VIVRE EN HARMONIE AVEC AUTRUI (16)


Poursuivons notre réflexion sur les attitudes positives vis à vis d’autrui en nous intéressant aujourd’hui à la générosité, cette vertu du don qui permet de cultiver une utile indépendance envers les objets matériels : être capable de donner ce que l’on possède plutôt qu’en être possédé soi-même. Au quotidien, cela consiste à donner un peu plus (parfois beaucoup plus) que ce que les autres attendent ou encore mieux à prendre les devants de leurs désirs. Sans aller jusqu’au sacrifice, la générosité implique d’agir “à l’aveugle” vis à vis d’autrui, de donner toujours un crédit, plus ou moins large selon nos propres capacités, sans avoir à rechercher si le destinataire en est digne et s’il nous en sera reconnaissant…

Des bienfaits de la générosité à l’égard d’autrui

Comme la gentillesse, la générosité “gratuite”, même si elle peut sembler hors de propos, n’est pourtant pas un luxe car elle semble au contraire utile à toute vie en collectivité. Elle est une sorte d’assurance anti-malentendu, anti-brouille sociale. Il est un fait que si vous êtes connu pour être naturellement généreux, les autres seront plus enclin à juger avec indulgence vos éventuelles attitudes négatives ou ambigües lors des échanges avec vous.

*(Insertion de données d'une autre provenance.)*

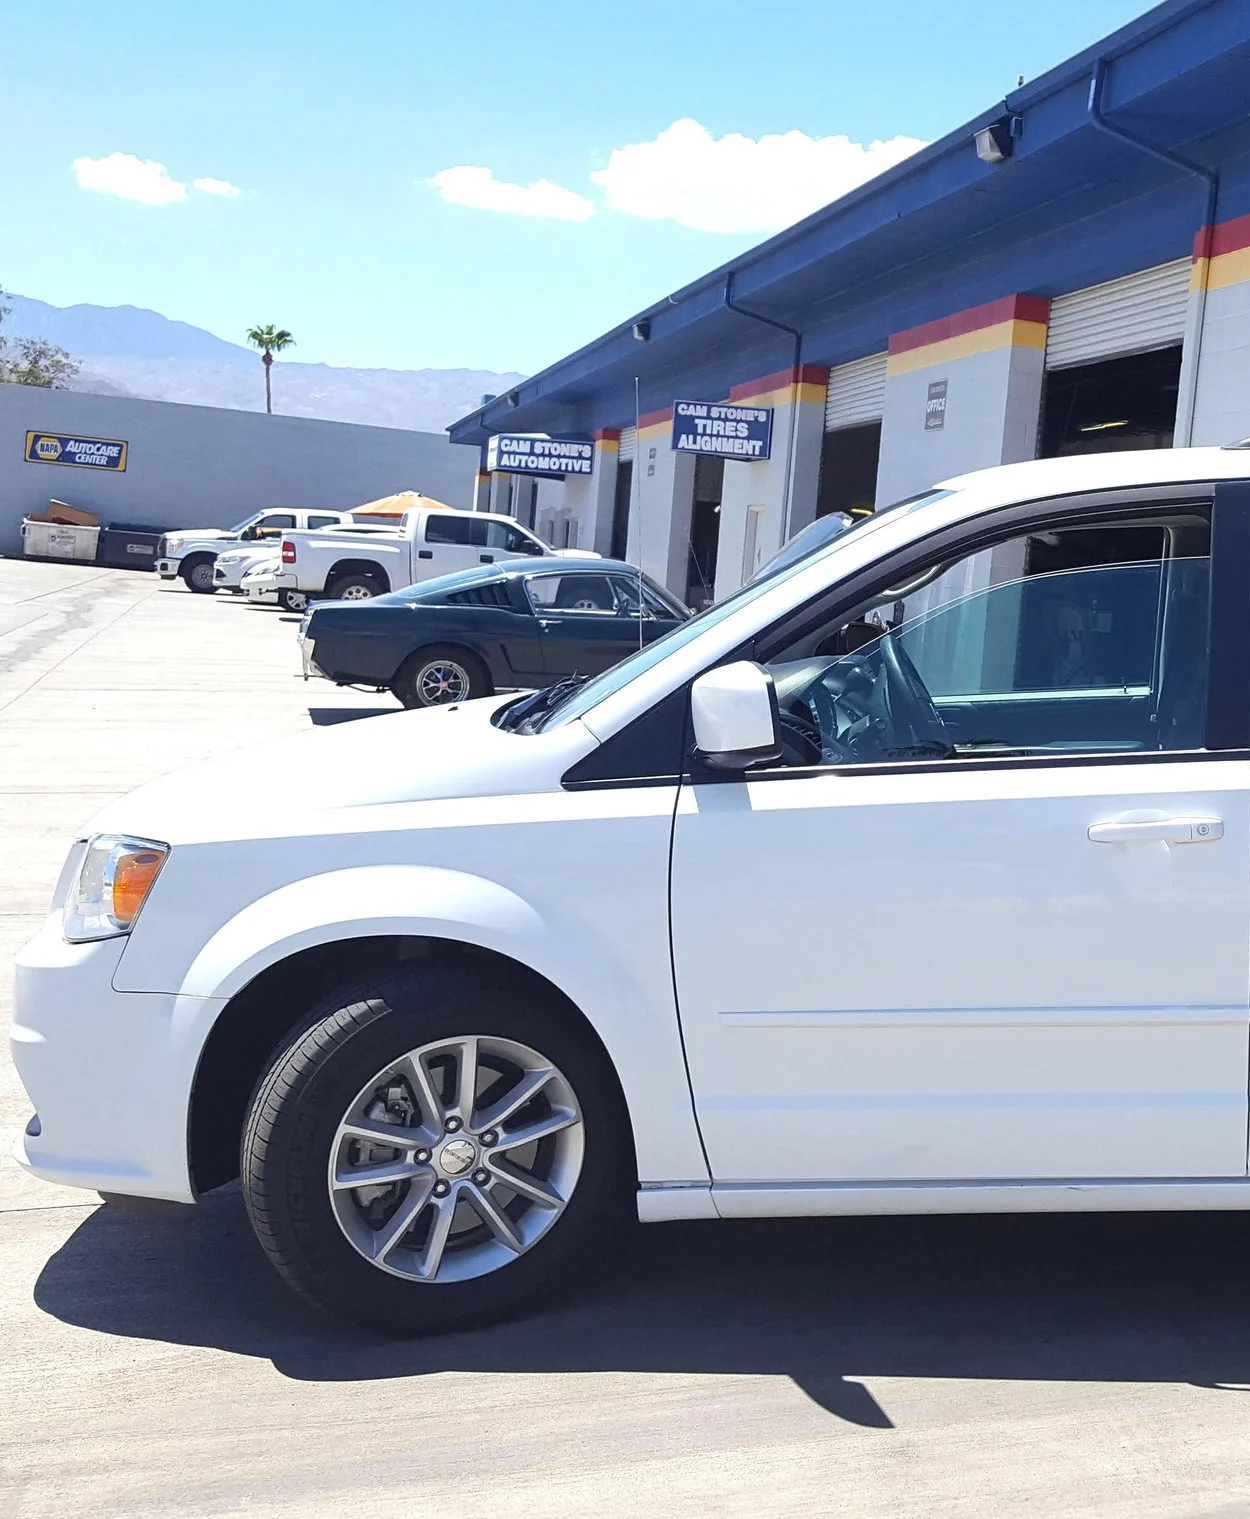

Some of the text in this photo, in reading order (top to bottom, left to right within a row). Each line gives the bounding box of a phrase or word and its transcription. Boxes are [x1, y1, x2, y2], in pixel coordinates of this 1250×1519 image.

[677, 403, 767, 422] CAM STONE'S
[926, 397, 946, 413] OFFICE
[694, 418, 749, 438] TIRES
[40, 442, 59, 455] NAPA
[500, 439, 592, 458] CAM STONE'S
[677, 433, 763, 455] ALIGNMENT
[75, 453, 108, 465] CENTER
[500, 454, 591, 473] AUTOMOTIVE
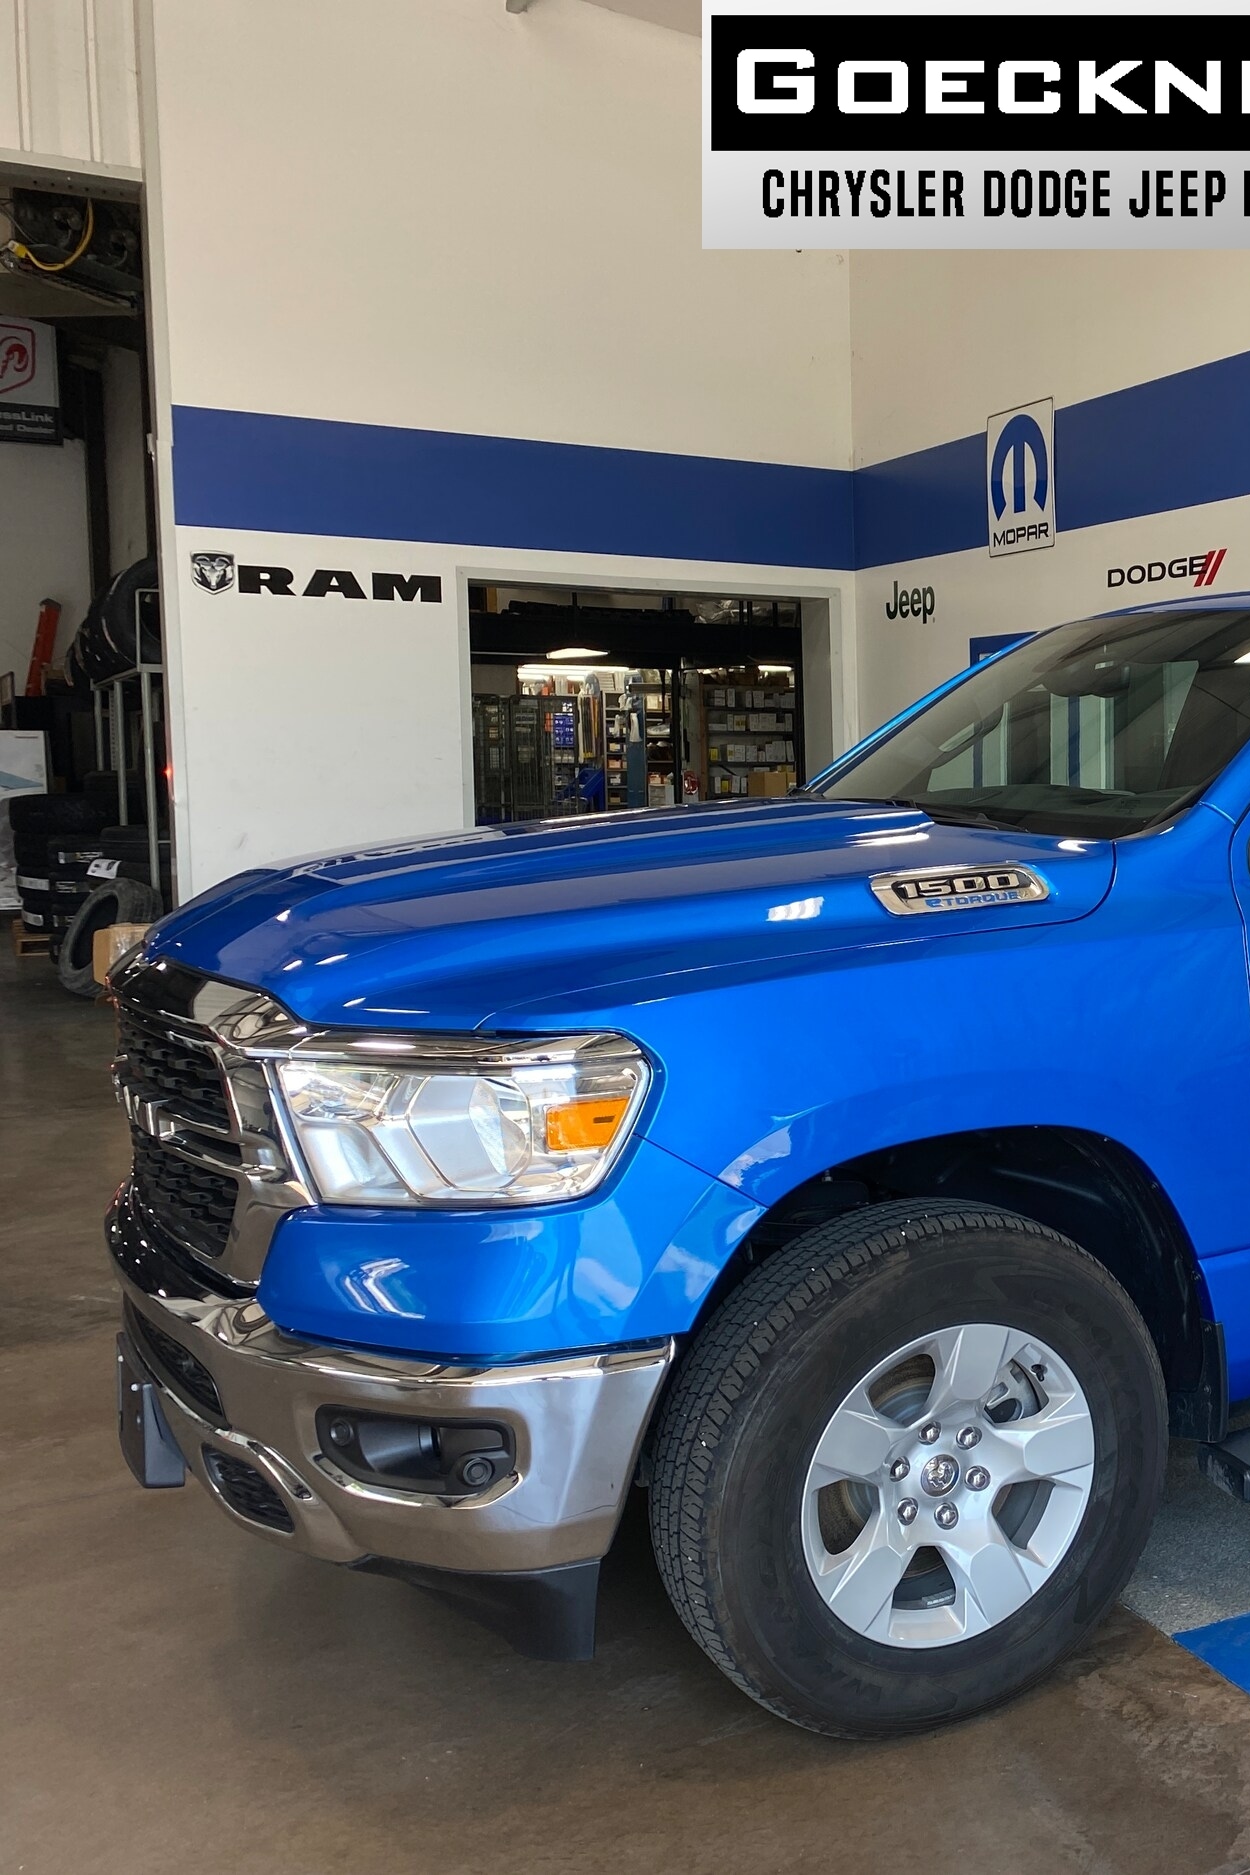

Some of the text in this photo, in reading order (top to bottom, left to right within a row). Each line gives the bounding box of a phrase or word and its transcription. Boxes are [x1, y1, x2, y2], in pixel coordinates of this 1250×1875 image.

Les souffrances de l’estime de soi poussent parfois à la mesquinerie : on attend de l’autre qu’il fasse le premier pas et on rend en retour seulement à hauteur de ce qu’on a reçu. On surveille attentivement la stricte réciprocité des échanges : ce sont les profils des personnes qui passent leur temps à établir des comptabilités dans les rapports humains… Si vous avez observé cette tendance chez vous, faites le test de modifier progressivement votre attitude en faisant montre de générosité. Motivez vous en vous disant que vous faites votre “boulot d’être humain”. Vous serez surpris de l’amélioration de vos rapports avec ceux vis à vis desquels vous aurez fait preuve de générosité.

Ces comportements de gentillesse et de générosité existent même chez certaines espèces d’animaux qui sont capables de prendre soin des plus faibles. Les bénéfices pour le groupe sont indéniables : favoriser la cohésion et la chance de survie de tous ses membres. Cela représente un signe évident d’intelligence accrue de l’espèce face aux difficultés de l’existence. Seules les espèces dites “supérieures” développent ainsi cette solidarité permettant d’intégrer et de protéger ceux qui peuvent être perçus comme moins directement “utiles”, comme le voudrait une lecture simpliste des lois de l’évolution et de la sélection naturelle. Chez l’humain, fort heureusement, cette vertu est très ancienne.

Nous poursuivrons prochainement notre réflexion sur les attitudes sociales positives en nous intéressant à la gratitude.